If there’s one thing the Bronx — or most places — is lacking, it’s bookstores. In fact, The Lit Bar in Mott Haven is the borough’s only independent brick-and-mortar bookseller, and it’s a long trip for many. Even with a car.
Kirstie Reynoso-Miranda is trying to fix this problem by opening her own bookstore — Miranda Writes — somewhere in Kingsbridge or Riverdale. In the meantime, she’s selling books online while the neighborhood waits until at least early next year for a physical location to open.
Fortunately, bookworms eager to crack open a new paperback are in luck. That’s because Bronx Bound Books brings its wares to The Riverdale Y Sunday Market almost every week.
Offering an array of diverse authors from a refurbished bus, Bronx Bound Books has set up shop not only at the Sunday Market, but also other farmers markets across the borough, like one outside Clinton High School, and on City Island.
Why a bookstore on wheels? Latanya DeVaughn says it was the easiest way to make her dream of owning such an establishment a reality.
“I always wanted to own a bookstore,” she said. “But the Bronx kept changing and life kept happening. Before I knew it, the rents were way too high, and gentrification started to take a toll on the Bronx. So, owning a storefront was totally out of reach. I knew I would never be able to afford one.”
DeVaughn started Bronx Bound Books as a project she juggled on weekends in addition to her day job — working human resources for Eli Zabar, an Upper East Side restaurant and food market. But when the coronavirus hit the city last year, DeVaughn was one of many laid off. Suddenly, she had a lot more time to devote to her dream.
“COVID made my Plan B kind of my Plan A,” DeVaughn said. “I decided to invest all my time and energy into growing Bronx Bound Books.”
Growing up in the borough, DeVaughn says she inherited her love for all things literary from the grandmother who adopter her, a teacher.
“I knew that literacy was important, even as a young child,” DeVaughn said. “I would see her reading leases and prescriptions to our neighbors who couldn’t read.”
DeVaughn’s passion for reading grew stronger after her aunt started taking her on regular trips to Strand Book Store near Manhattan’s Union Square. Especially enticing was Strand’s large inventory of used books.
“I would find my escape in the Strand Book Store,” DeVaughn said. “So, we were able to get me a whole bunch of books. And my love for new and used books started from when I was a kid. We would go to garage sales — and everyone would be looking at china and furniture — and I was by the books and would buy all the books I could carry.”
The most important thing to DeVaughn was making a bookstore that catered specifically to Bronx communities. As she developed her concept, DeVaughn attended business improvement district events around the borough, asking people what they wanted out of a bookstore.

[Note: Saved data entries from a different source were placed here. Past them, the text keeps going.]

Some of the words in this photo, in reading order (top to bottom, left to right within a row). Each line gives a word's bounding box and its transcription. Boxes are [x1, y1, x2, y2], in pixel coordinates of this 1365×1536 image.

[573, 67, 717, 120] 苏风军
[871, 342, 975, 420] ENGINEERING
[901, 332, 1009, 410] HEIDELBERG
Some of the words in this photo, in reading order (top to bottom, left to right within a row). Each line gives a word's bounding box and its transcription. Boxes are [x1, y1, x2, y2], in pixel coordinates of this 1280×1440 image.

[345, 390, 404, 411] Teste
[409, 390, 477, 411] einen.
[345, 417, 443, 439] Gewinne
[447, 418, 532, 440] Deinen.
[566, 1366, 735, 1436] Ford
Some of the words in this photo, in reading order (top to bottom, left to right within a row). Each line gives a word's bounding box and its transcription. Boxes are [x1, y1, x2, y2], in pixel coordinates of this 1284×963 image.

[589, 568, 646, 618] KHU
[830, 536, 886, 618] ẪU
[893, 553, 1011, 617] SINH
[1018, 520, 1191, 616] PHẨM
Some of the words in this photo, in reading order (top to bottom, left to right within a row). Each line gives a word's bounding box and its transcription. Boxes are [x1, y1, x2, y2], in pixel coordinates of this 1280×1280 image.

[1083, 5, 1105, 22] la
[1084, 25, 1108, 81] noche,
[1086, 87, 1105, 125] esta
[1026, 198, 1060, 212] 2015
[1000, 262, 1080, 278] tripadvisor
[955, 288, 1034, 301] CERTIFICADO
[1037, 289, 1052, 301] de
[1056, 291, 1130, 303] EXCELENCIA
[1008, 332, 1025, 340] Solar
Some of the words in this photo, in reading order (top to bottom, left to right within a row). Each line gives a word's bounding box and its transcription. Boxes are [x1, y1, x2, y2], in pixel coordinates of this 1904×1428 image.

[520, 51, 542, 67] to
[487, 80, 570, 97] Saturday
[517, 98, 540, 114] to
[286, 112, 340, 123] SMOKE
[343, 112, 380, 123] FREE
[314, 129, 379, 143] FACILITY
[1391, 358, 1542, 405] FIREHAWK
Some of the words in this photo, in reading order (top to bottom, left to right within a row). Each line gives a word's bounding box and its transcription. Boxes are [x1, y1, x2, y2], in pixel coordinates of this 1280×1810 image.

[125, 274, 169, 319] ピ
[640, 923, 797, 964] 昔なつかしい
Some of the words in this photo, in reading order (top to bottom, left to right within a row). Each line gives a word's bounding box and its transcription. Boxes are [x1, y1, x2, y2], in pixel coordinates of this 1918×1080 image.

She would give away used books at those events — getting her supply from The Book Fairies on Long Island. Then, at the beginning of 2020, DeVaughn started selling books at farmers markets.
In the beginning, DeVaughn relied on rides from friends and Ubers to transport her inventory around the borough.
“It was very limited, because I could only carry so much in an Uber or load in a friend’s car,” she said. “And then having to onload the books and hoping it didn’t rain.”
With her savings and book sales, DeVaughn purchased a used shuttle bus she found on Craigslist about a year ago. Around the same time, she received a grant from the Ford Foundation’s Local Initiatives Support Corp., which has now provided $215 million in such offerings to 12,000 small businesses throughout the pandemic. DeVaughn used that money to hire Ortega Upholstery Designs to refurbish the inside of her bus and make it feel more like a bookstore.
She’s still raising money to paint and fix the bus’s exterior, but inside, DeVaughn carries all kinds of books. Yet she still finds room on her limited shelf space to display works by authors of color.
“That’s what you see, because that’s who I am,” DeVaughn said. “I’m Afro-Latina. I’m half Black and Puerto Rican. The books that you see when you walk in look like the people in the Bronx. So, there will be other books on the shelves and things like that. But for display purposes, I really want to showcase what the Bronx really looks like.”
And that focus on representation has resonated with her customers.
An older woman, “someone who’s about 73, was very emotional because she didn’t have this representation when she was growing up,” DeVaughn said.
Shira Silverman, who runs the Sunday Market, says she’s really impressed by DeVaughn’s mission and inventory. For instance, DeVaughn carries copies of “The Hill We Climb,” the poem National Youth Poet Laureate Amanda Gorman read at President Joe Biden’s inauguration last January.
“She has this gorgeous selection of books,” Silverman said. “They are terrific books. I mean, they’re really good. They’re carefully selected. They’re books that you actually want to read.”
For the time being, DeVaughn has no plans of scaling up to a physical storefront — mostly because it’s still an expensive proposition. But also, she feels it’s important to meet people where they are and be out in the community.
“If it takes you more than a half-hour to get to your nearest bookstore, I want to meet you halfway and be there for you,” DeVaughn said. “So, you don’t have to travel so far just to buy a book.”